The problem is, it's not working. So, that calls for revisiting it and my application of it.

If sobriety is my top priority, what top priorities will keep me sober? That's what I am struggling with.

While we as alcoholics share a lot of common experiences and traits, I also do believe we all have to take into account our own culture, personalities, physiology and other circumstances to find our own right path to sobriety. I just haven't yet found mine.

Do I have blind spots in my approach to this?

Posting here is super helpful- and I am not giving up until I get this!
I kept waiting for the world to change around me, or for a "method" to come along that would fit my lifestyle. Turns out I had to change me a LOT. But looking back all the changes opened up doors I never knew existed so I'm very happy I did.

On a very fundamental level though, I think one has to accept/acknowledge/surrender/proclaim that drinking any amount of alcohol is not any option - EVER. At least not if you don't want the consequences that come along with it. That's a pretty fundamental element of any recovery program or method, even the ones that are completely self-paced/secular/etc.

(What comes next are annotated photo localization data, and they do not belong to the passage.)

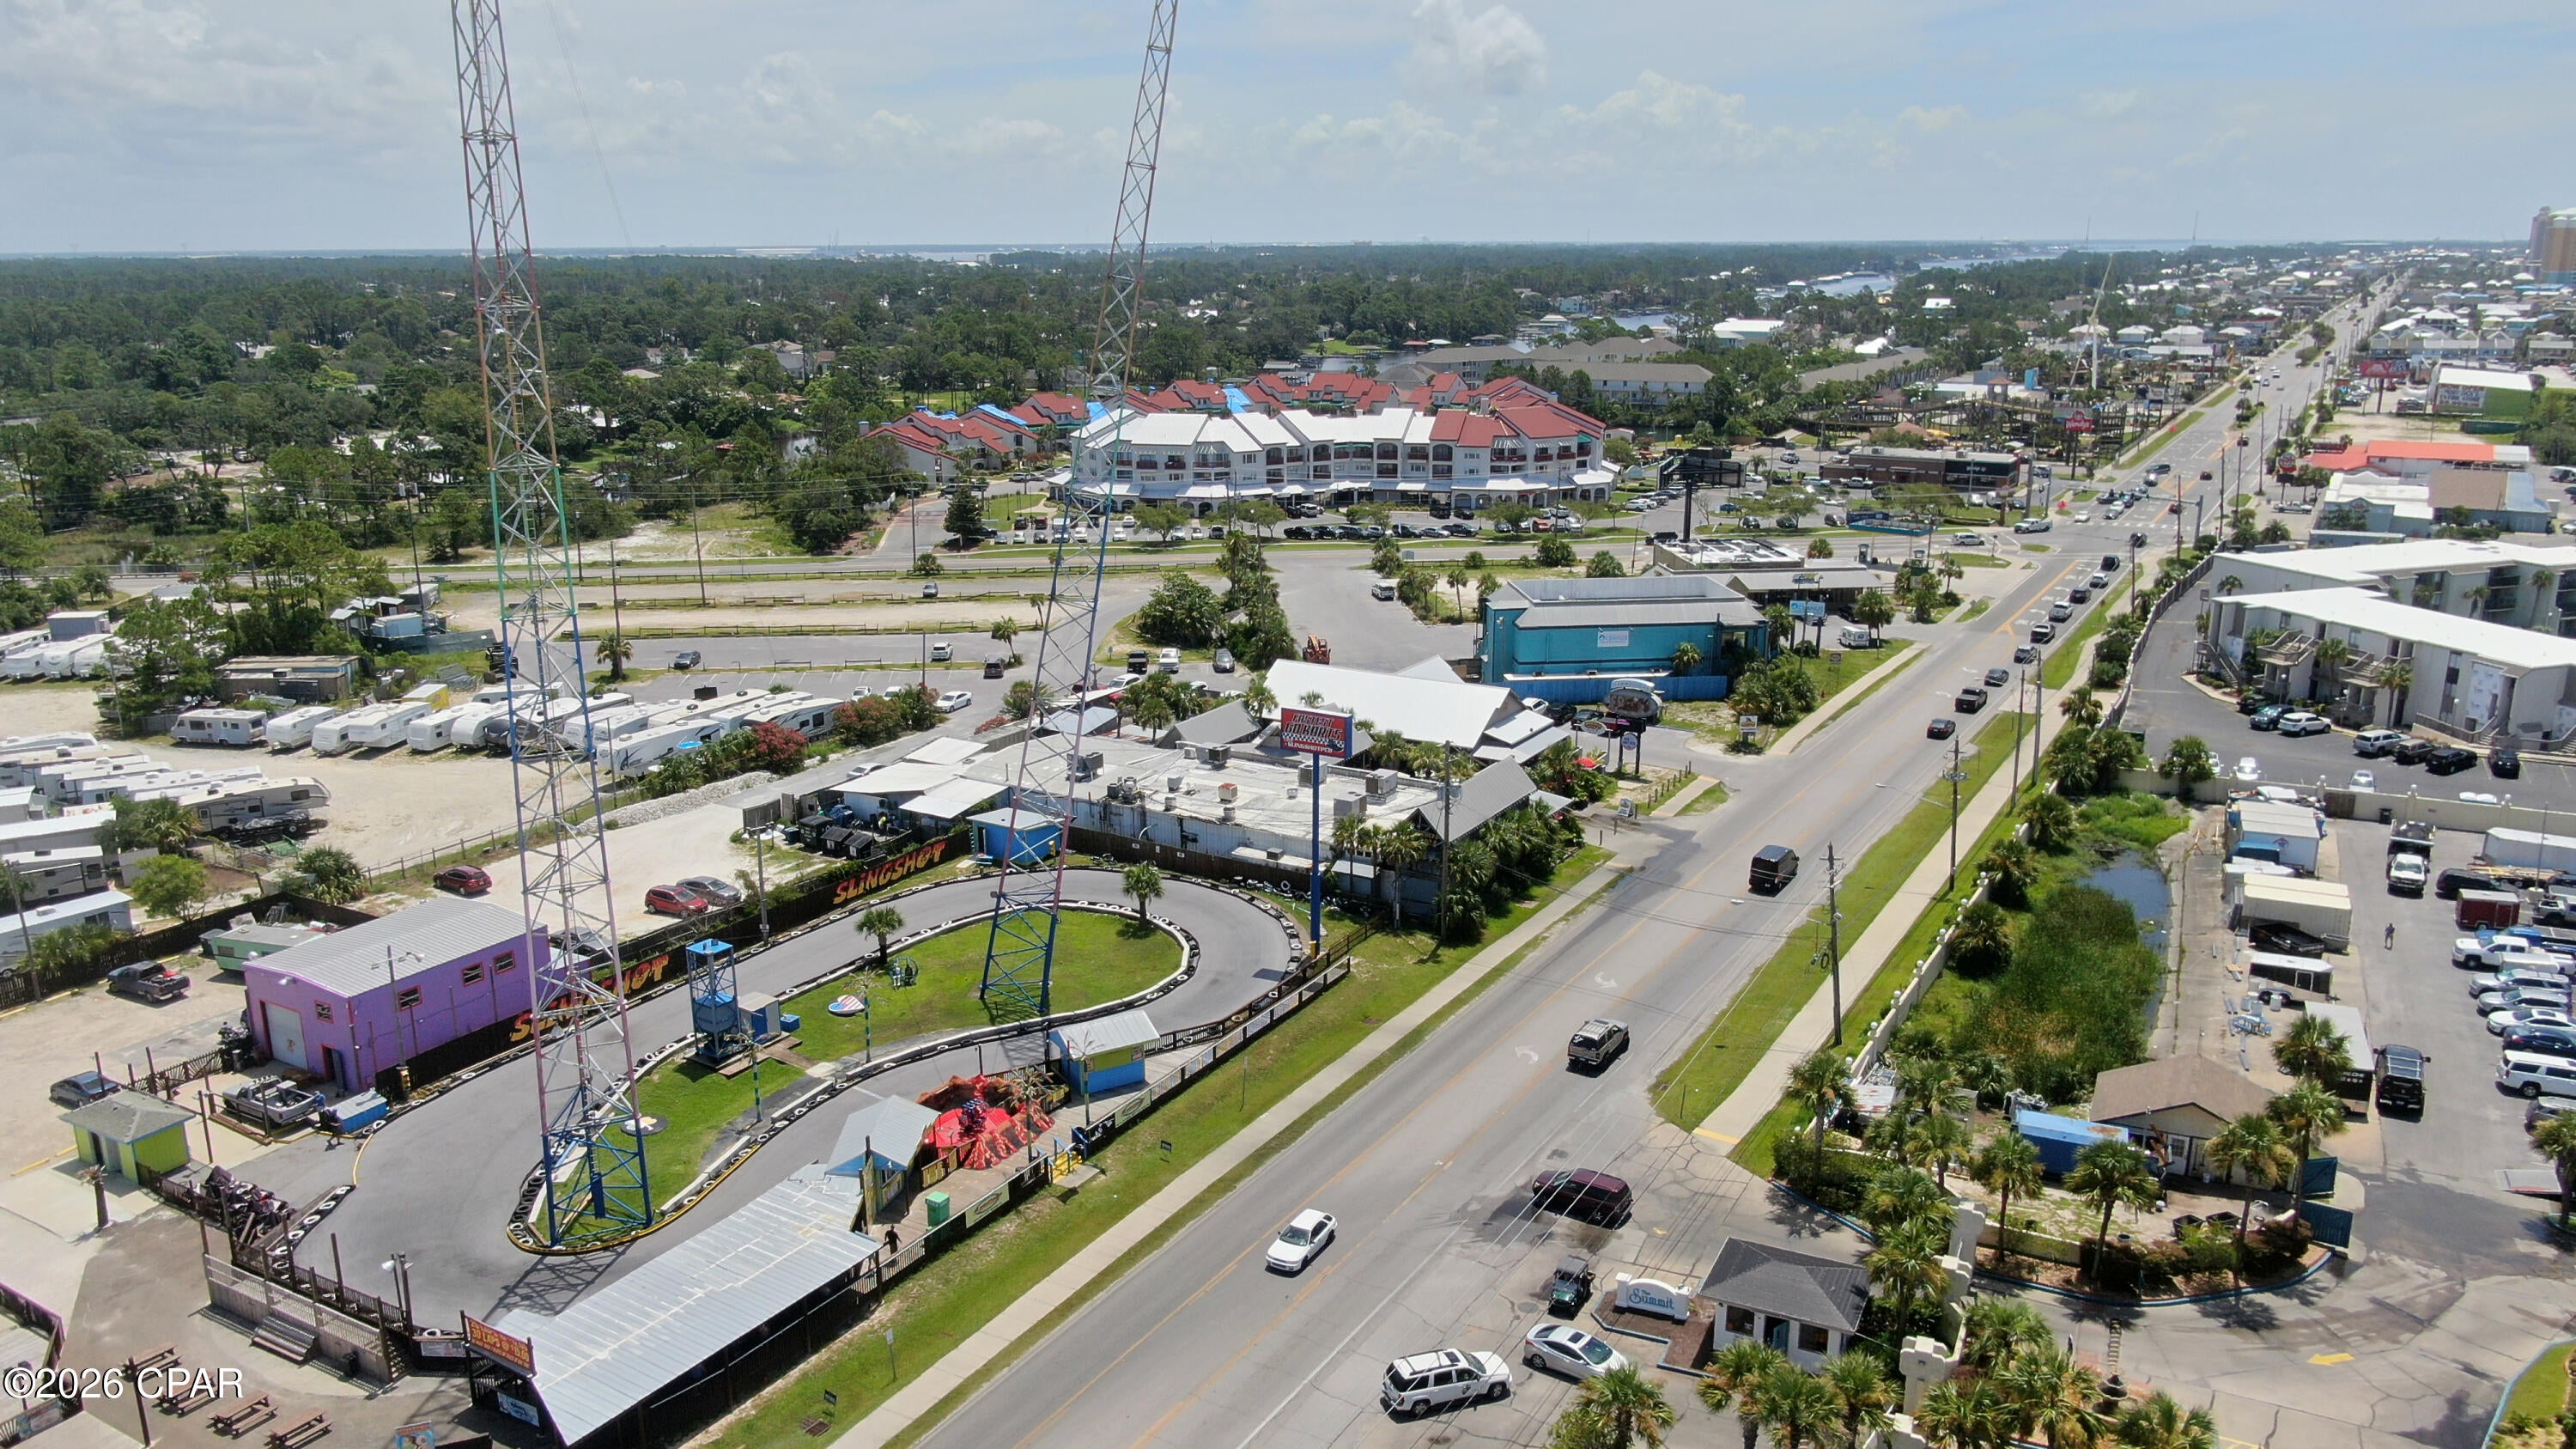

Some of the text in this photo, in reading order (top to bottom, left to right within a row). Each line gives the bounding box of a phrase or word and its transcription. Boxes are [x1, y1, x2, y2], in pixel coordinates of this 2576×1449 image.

[1292, 713, 1334, 728] FASTEST
[1284, 721, 1343, 740] GO KARTS
[832, 839, 948, 904] SLINGSHOT
[1629, 1288, 1674, 1309] Summit
[483, 1331, 501, 1349] LAPS

On a practical level, think about the evening that you last drank. What part of your plan addresses the urge to drink at night? Do you have a go -to activity that you could choose instead of drinking alcohol? Maybe log on to SR and share about your day and what frustrated you - maybe someone else had the same kind of day. Or if you are still working with AA, call a phone number. Or maybe just take a walk and get some ice cream?

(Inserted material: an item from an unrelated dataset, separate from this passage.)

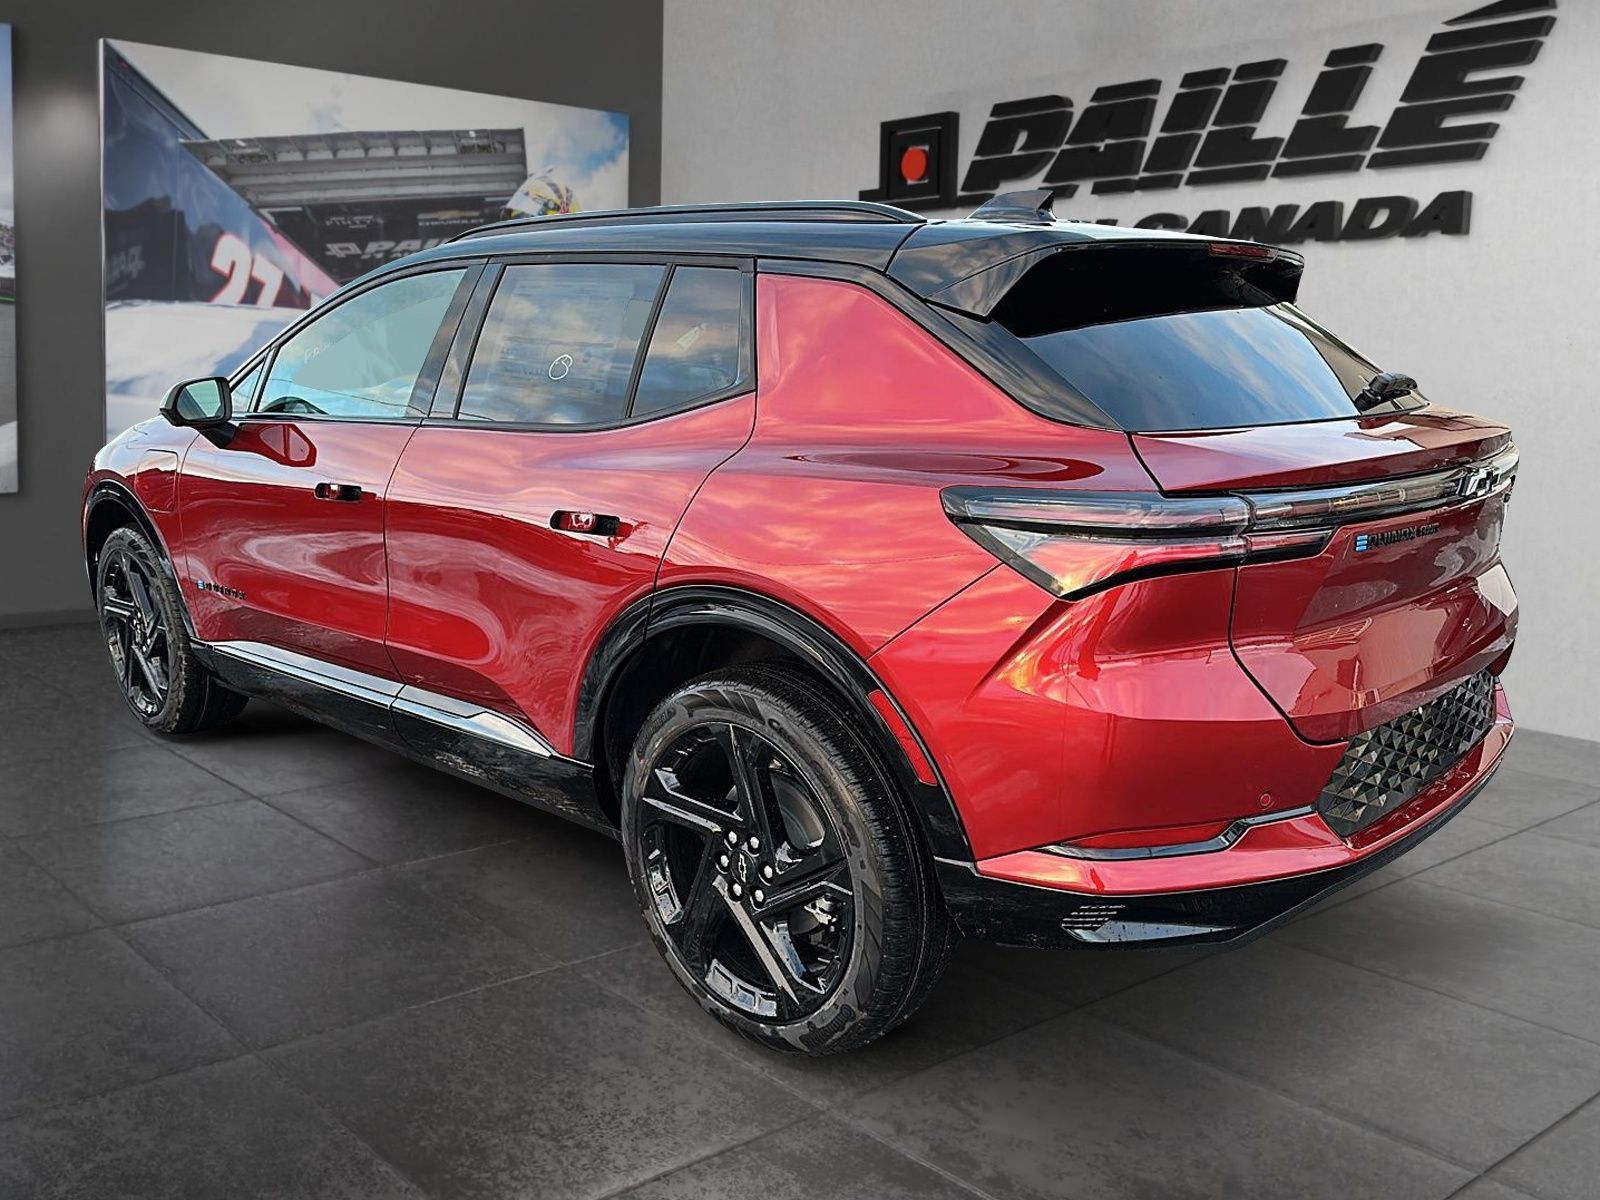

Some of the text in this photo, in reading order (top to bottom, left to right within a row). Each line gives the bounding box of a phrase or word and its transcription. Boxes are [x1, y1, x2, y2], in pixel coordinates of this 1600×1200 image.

I personally planned out my day to almost OCD like levels so that I never had idle time to let drinking become an option. I had a calendar that had an activity listed for every hour of the day that I was awake - literally. Even if all that was on the list for the hour was "read on sr" or "do the laundry", it was a planned activity that was not drinking alcohol. An idle mind gets us in trouble just like a little child left alone with the cookie jar so to speak!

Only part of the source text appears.